I find it very helpful to ask myself before each class, “What do you want to teach?” or “What are you teaching?” It seems like an obvious question, but do we know?

To me thinking in this way really helps. I target these structures, for example:

  • assis(e) en face de – seated across from
  • ressemble à – looks like, resembles
  • il ne faut pas – you must not, one must not

That’s what I want to teach. I don’t want to teach a thematically organized list of words, a computer program with the latest bells and whistles, a bunch of units in a book, or any other combination of language no matter how it is packaged. I want to teach a few structures over 50 minutes, so that I don’t waste my time and their time.

How can my students, in level 2, with about 200 or so hours of French out of the 15,000 hours needed for mastery, be expected to understand a story or read a book in the target language in that amount of time?

My students need a lot more hours than 200 hours to be able to understand non-targeted language in auditory and written ways. So in the first 200 hours I have to keep it simple by targeting just a few structures for those first few years.

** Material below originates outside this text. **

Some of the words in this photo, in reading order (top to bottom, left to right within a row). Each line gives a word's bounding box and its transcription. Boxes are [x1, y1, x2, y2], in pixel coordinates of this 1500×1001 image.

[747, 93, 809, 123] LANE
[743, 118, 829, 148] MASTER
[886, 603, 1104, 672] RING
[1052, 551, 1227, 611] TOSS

Then, when the students are up to the “massive” amount of 400 or 500 hours of French, which they call “advanced” in an odd use of the term, at levels 3 and 4, the curve of understanding the spoken and written language begins its slow upward bend, and with each passing year the gains begin to go up exponentially so that after 15,000 hours they irrefutably have acquired the language, it isn’t “rusty”, it’s there, and it is real.

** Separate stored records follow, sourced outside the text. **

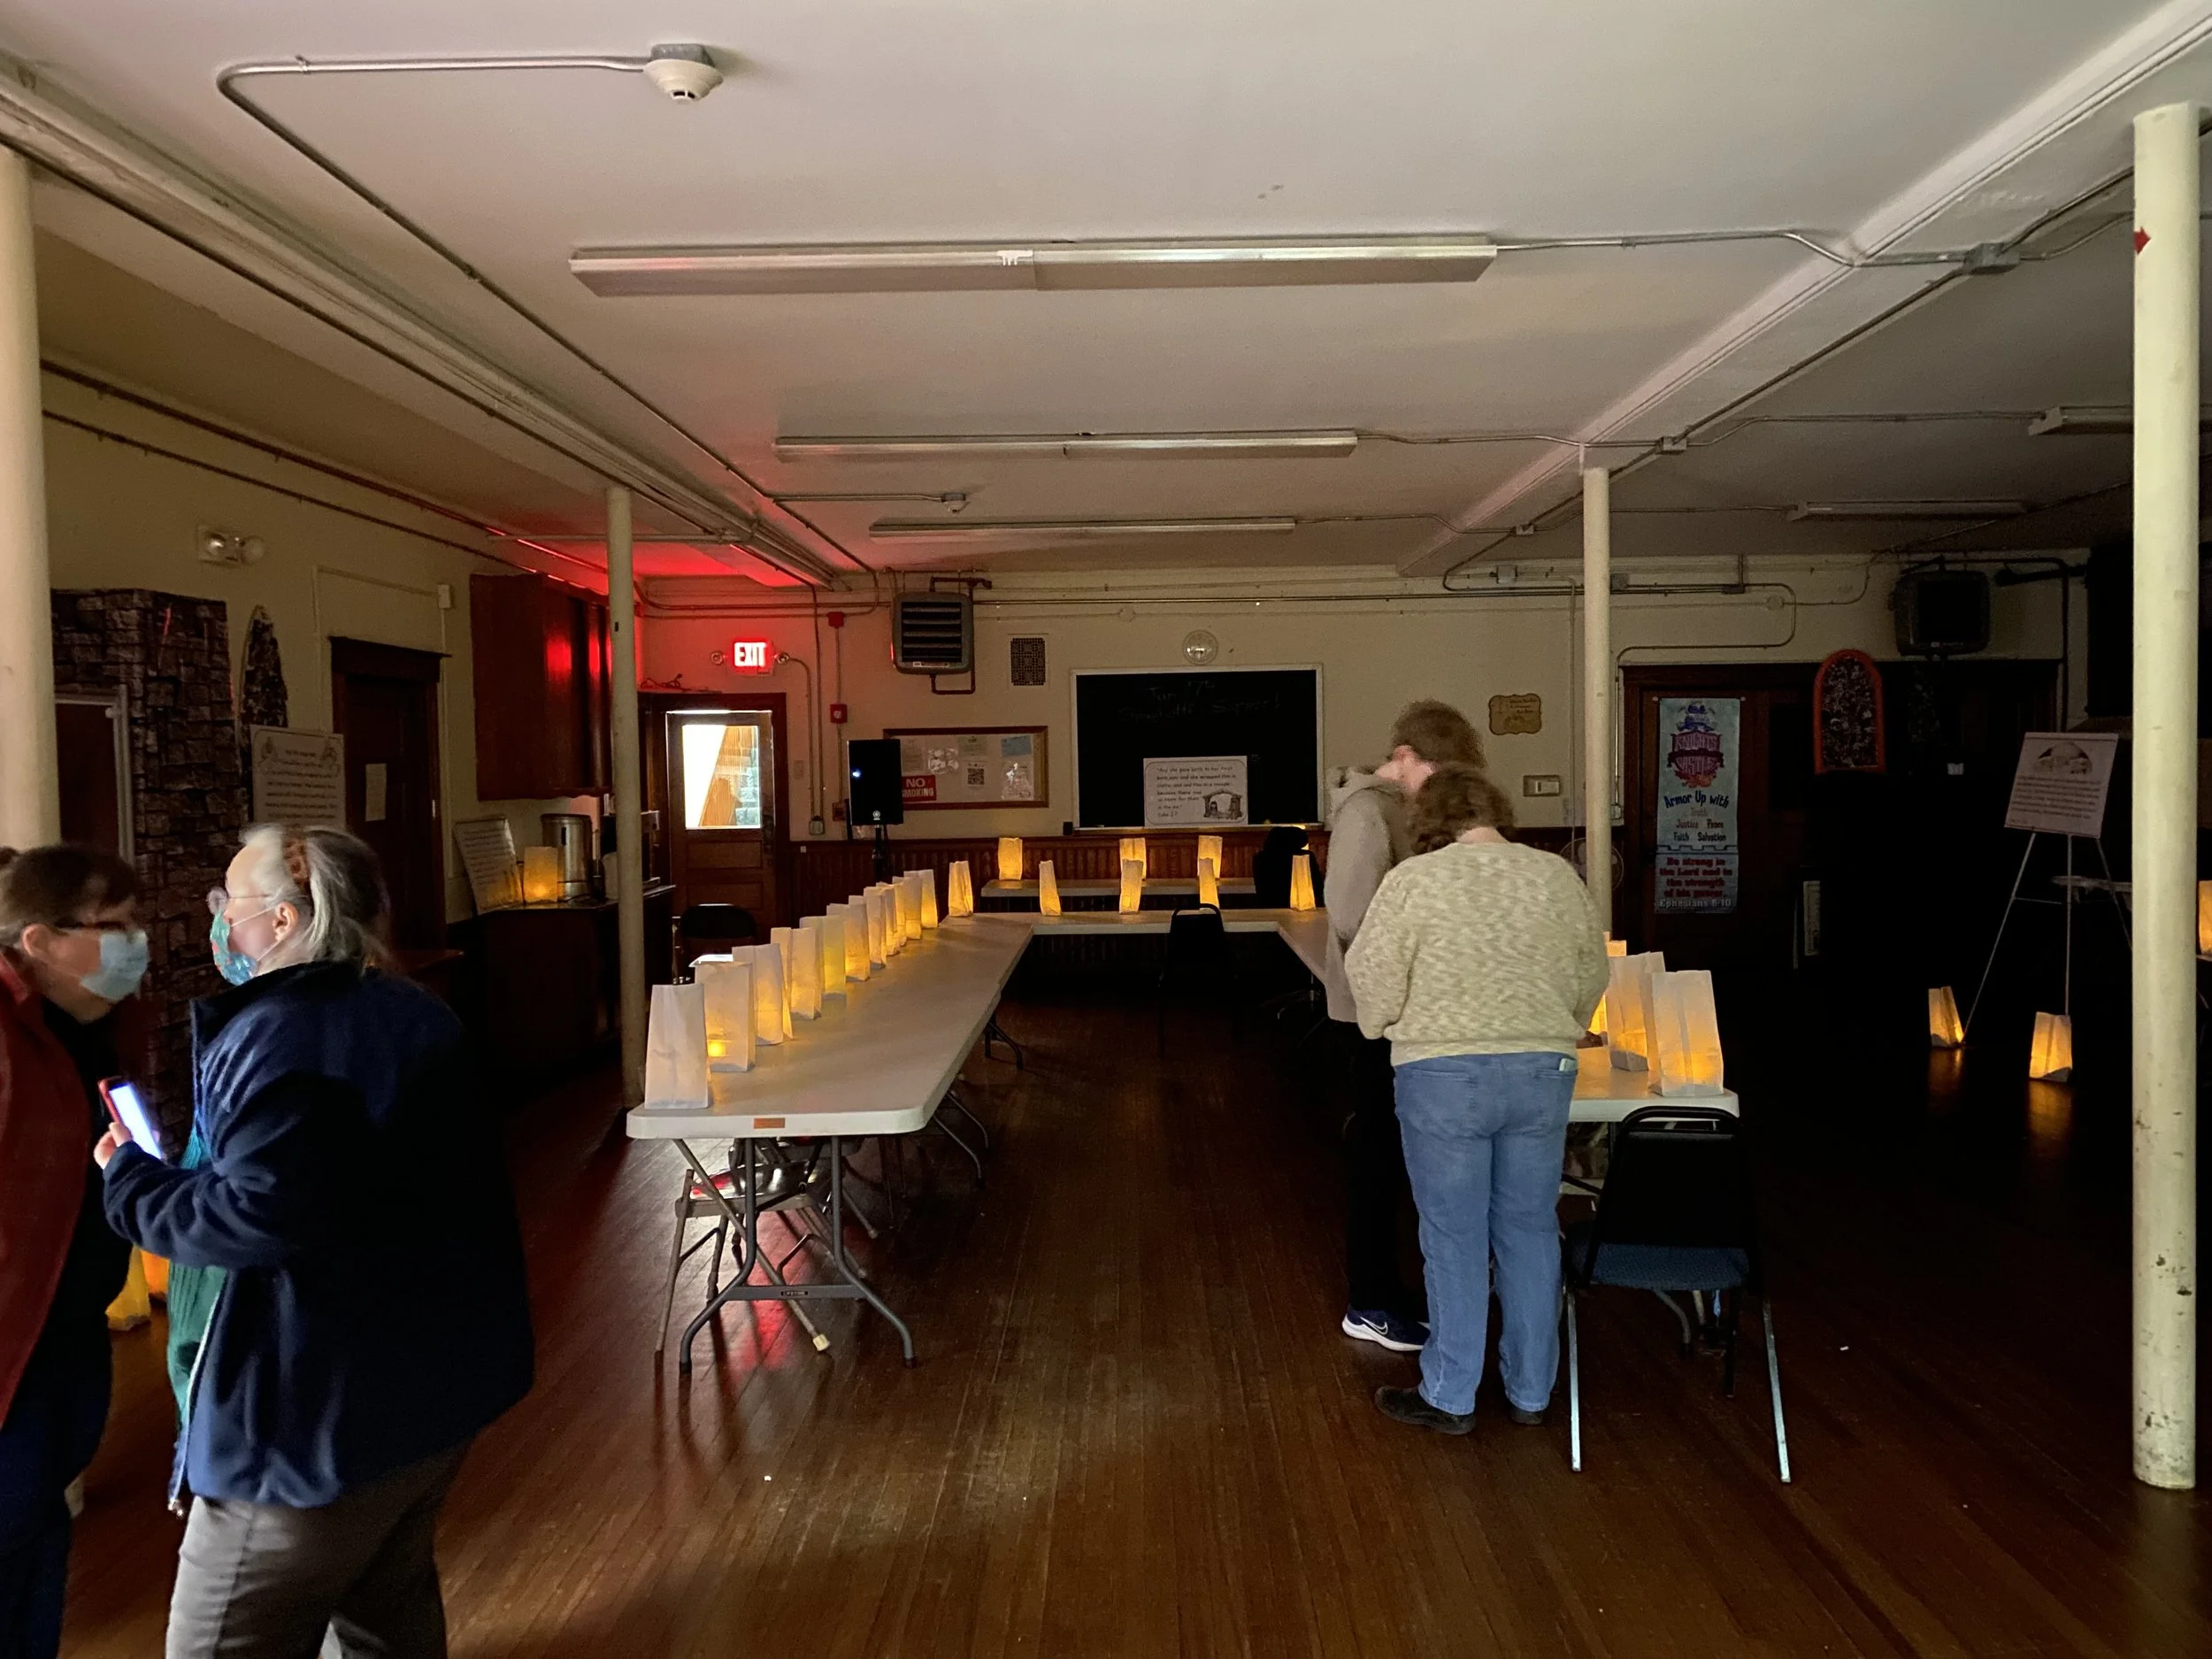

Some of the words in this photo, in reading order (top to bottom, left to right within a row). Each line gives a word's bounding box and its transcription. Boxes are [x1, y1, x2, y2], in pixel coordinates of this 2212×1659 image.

[734, 641, 767, 667] EXIT
[905, 777, 926, 788] NO
[1663, 794, 1692, 809] Armor
[1694, 789, 1706, 807] Up
[1709, 794, 1730, 809] with
[1676, 818, 1699, 829] Justice
[1673, 832, 1689, 841] Faith
[1697, 832, 1726, 841] Salvation
[1685, 878, 1724, 888] strength
[1659, 899, 1709, 909] Ephesians

Had they spent those first four years conjugating verbs, they would have no results to show for their efforts, and they would most likely hate the language and the culture, most having quit as soon as they got their two year requirement satisfied.

What do I want to teach? I want to teach those structures.

The difference that most people may not grasp, the mistake they make with TPRS and with comprehensible input instruction in general, is that in their ignorance they think that going over the structures, using them in class less than a hundred times or so, is enough for acquisition. It’s not. It’s not enough for acquisition or anything resembling acquisition.

Students have to hear the structures many more than a few hundred times, and they have to hear it in an interesting contextual setting. They have to hear the structures a lot, and the

Students have to hear the structures used much more than a hundred times, and in context that is meaningful and interesting to them, before one can say that there has been acquisition.